Porosothyone is an extinct genus of sea cucumber known from the Silurian of Australia, which includes a single species, Porosothyone picketti. It is regarded as the earliest body fossil of this group.

== Discovery and etymology ==
Its fossils are described from the upper Silurian sequences in the Yass Basin, New South Wales. Specimens, including the holotype, are known from Pridoli in the Elmside Formation, while there are also some fossils from upper Ludlow in the Black Bog Shale. The genus name comes from the Latin porosus, which means full of holes, after its highly perforate skin ossicles, and thyone, which is commonly used in the names of holothurian genera. The specific epithet is references John Picket, from the Geological Survey of New South Wales, who first recognized the specimens.

== Description ==
Porosothyone is a cigar-shaped sea cucumber with a body up to 40 mm in length and 7 mm wide, both ends being slightly narrower.
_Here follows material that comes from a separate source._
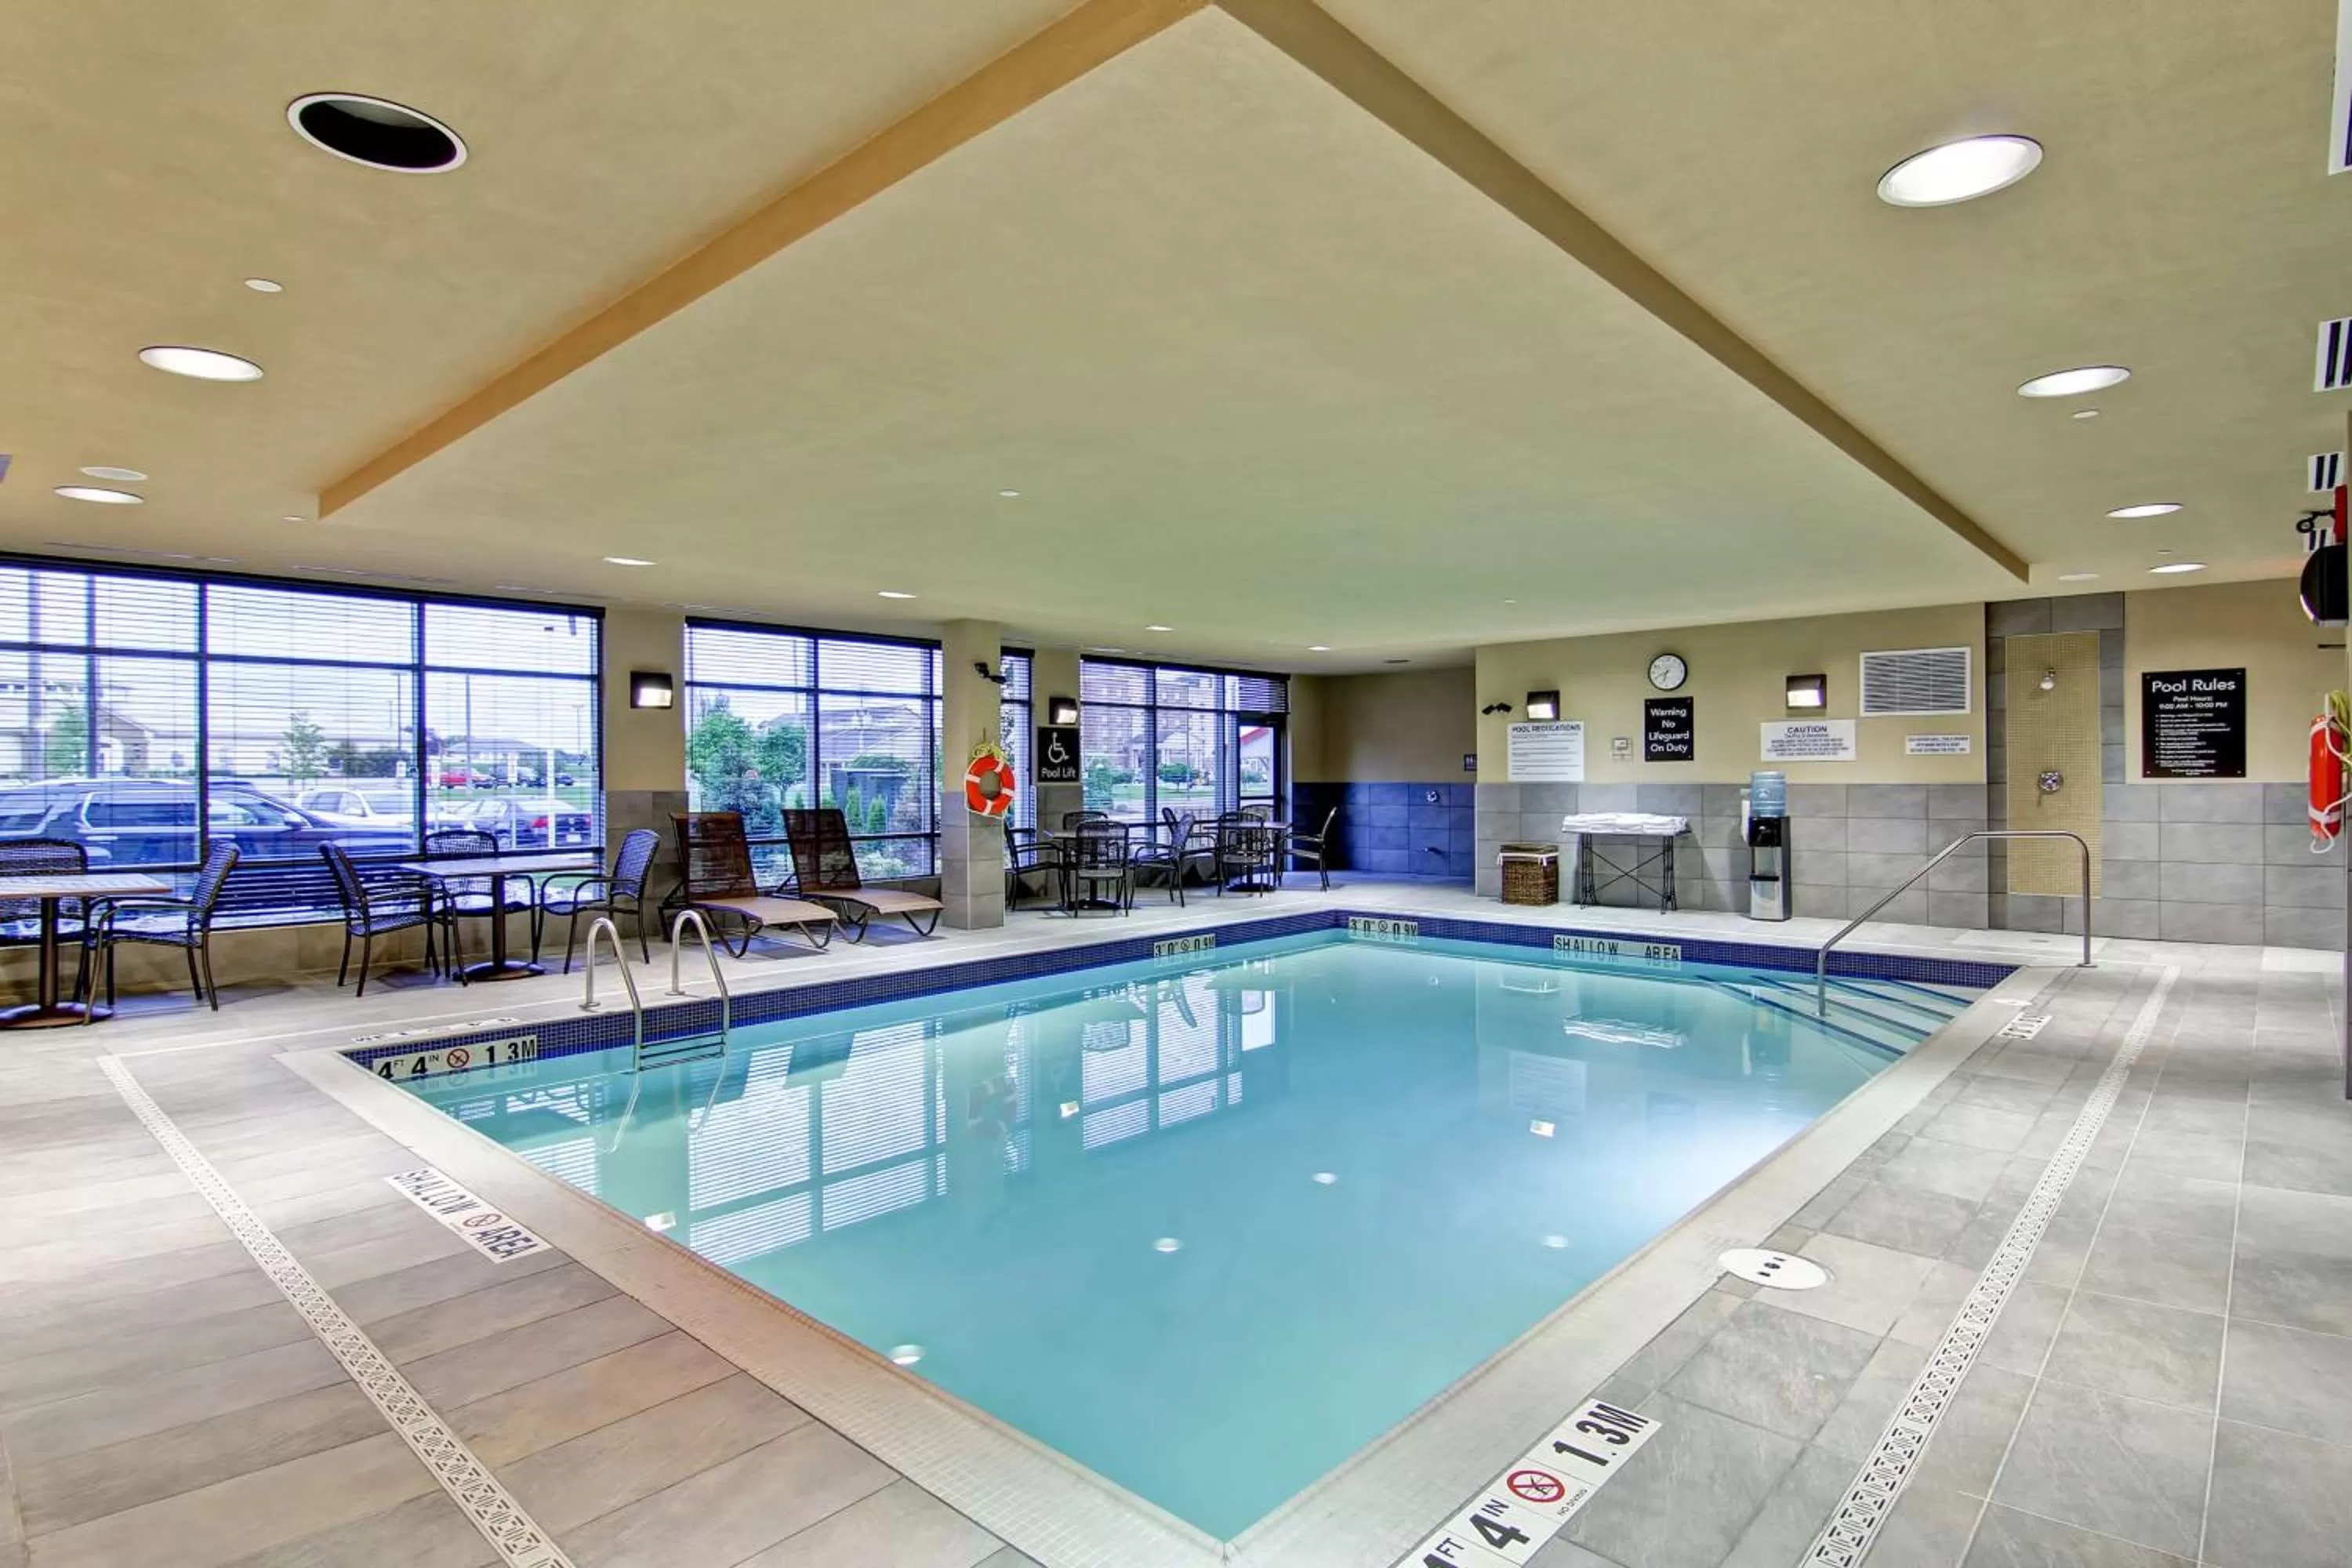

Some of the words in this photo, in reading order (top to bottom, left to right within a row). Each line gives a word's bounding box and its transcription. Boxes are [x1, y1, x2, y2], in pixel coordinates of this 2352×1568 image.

Its body is covered by overlapping, highly perforated sieve plate skin ossicles which are wider than long, with broadly curved anterior margins and spires absent. Its ventral mouth is surrounded by a calcareous ring which consists of five radial and five interradial elements.

== Classification ==
Porosothyone is one of the oldest known holothurians with articulated fossils. Although one analysis has put it inside the crown group Holothuria, as a stem group Apodida, its relationships within the holothurian crown group are not yet clearly resolved.